What the exercise asks :: When you output the records, match them exactly and omit any picture they include.

Supplied records ::
========================================================================
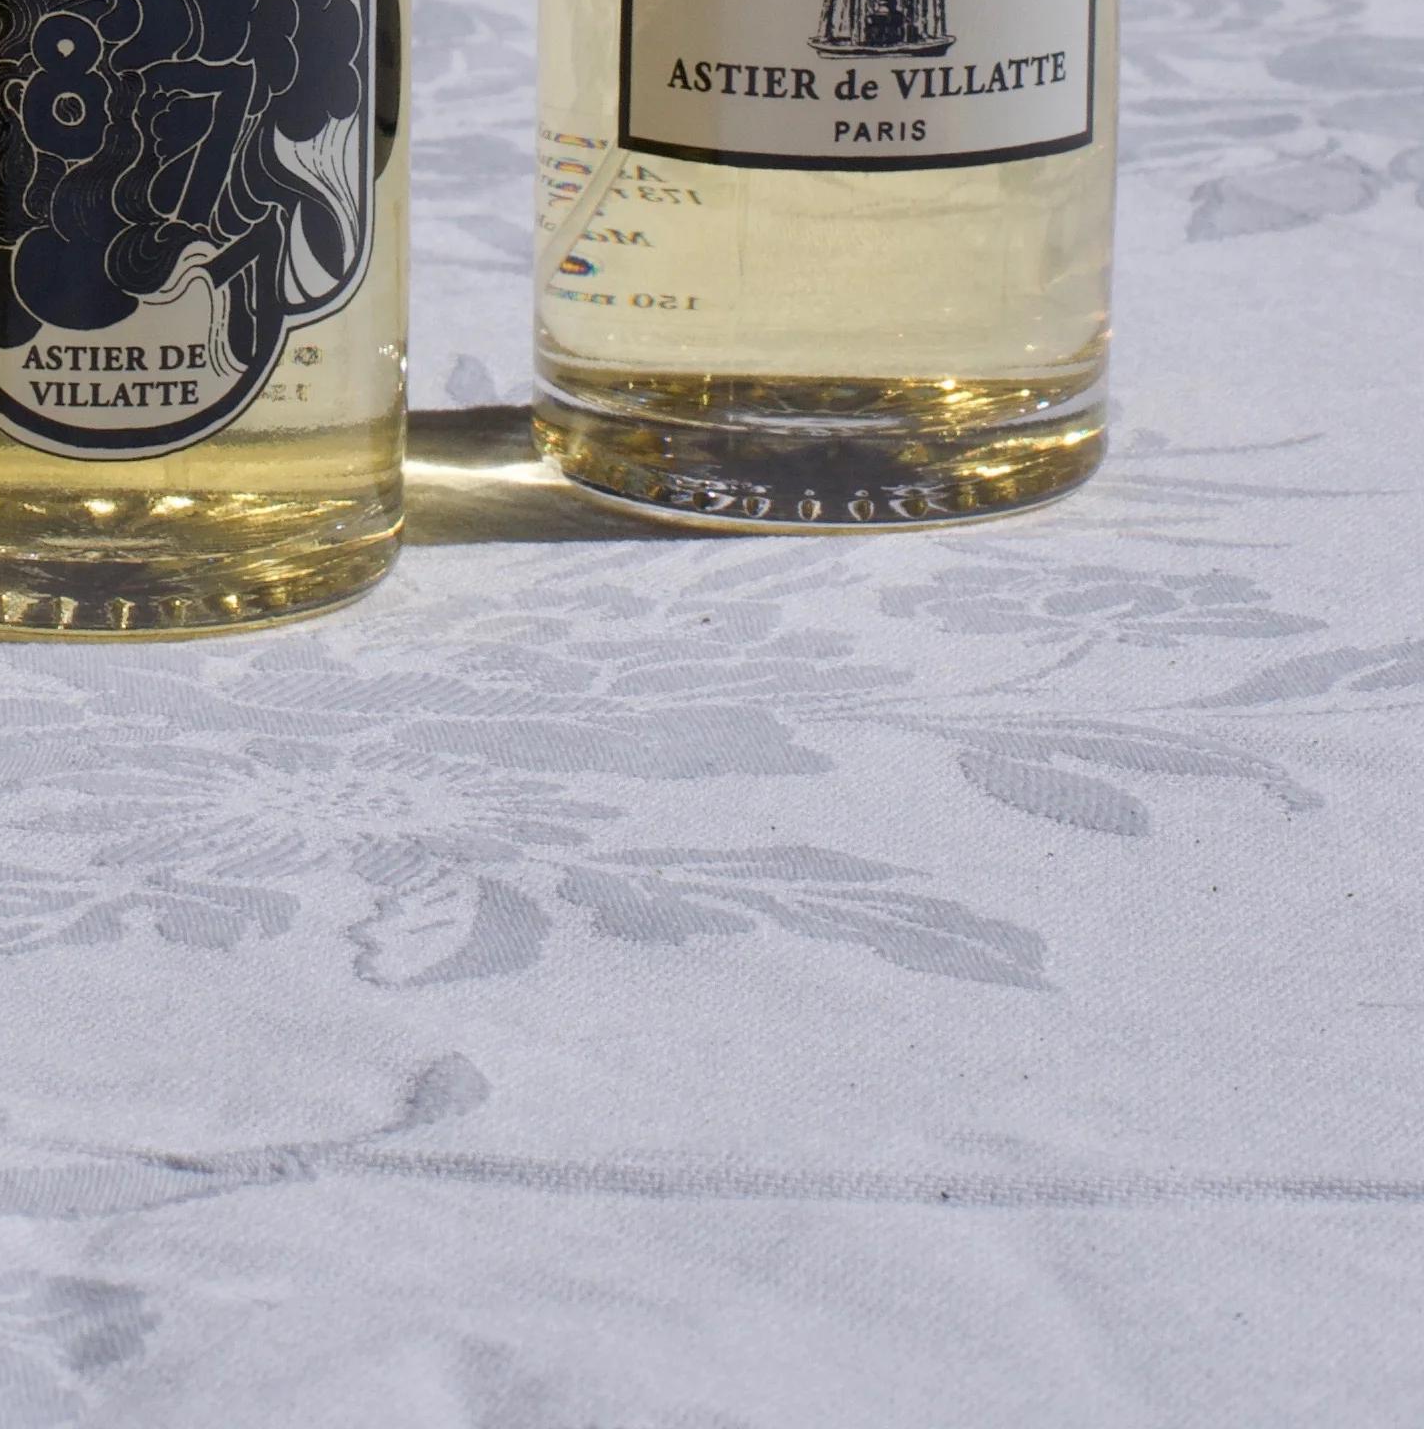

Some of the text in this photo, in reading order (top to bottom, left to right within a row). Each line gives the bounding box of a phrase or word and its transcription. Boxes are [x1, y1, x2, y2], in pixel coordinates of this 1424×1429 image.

[667, 51, 1067, 101] ASTIER de VILLATTE
[834, 119, 926, 143] PARIS
[22, 343, 207, 372] ASTIER DE
[29, 380, 199, 408] VILLATTE
========================================================================
Task output ::
Some of the text in this photo, in reading order (top to bottom, left to right within a row). Each line gives the bounding box of a phrase or word and its transcription. Boxes are [x1, y1, x2, y2], in pixel coordinates of this 1424×1429 image.

[667, 51, 1067, 101] ASTIER de VILLATTE
[834, 119, 926, 143] PARIS
[22, 343, 207, 372] ASTIER DE
[29, 380, 199, 408] VILLATTE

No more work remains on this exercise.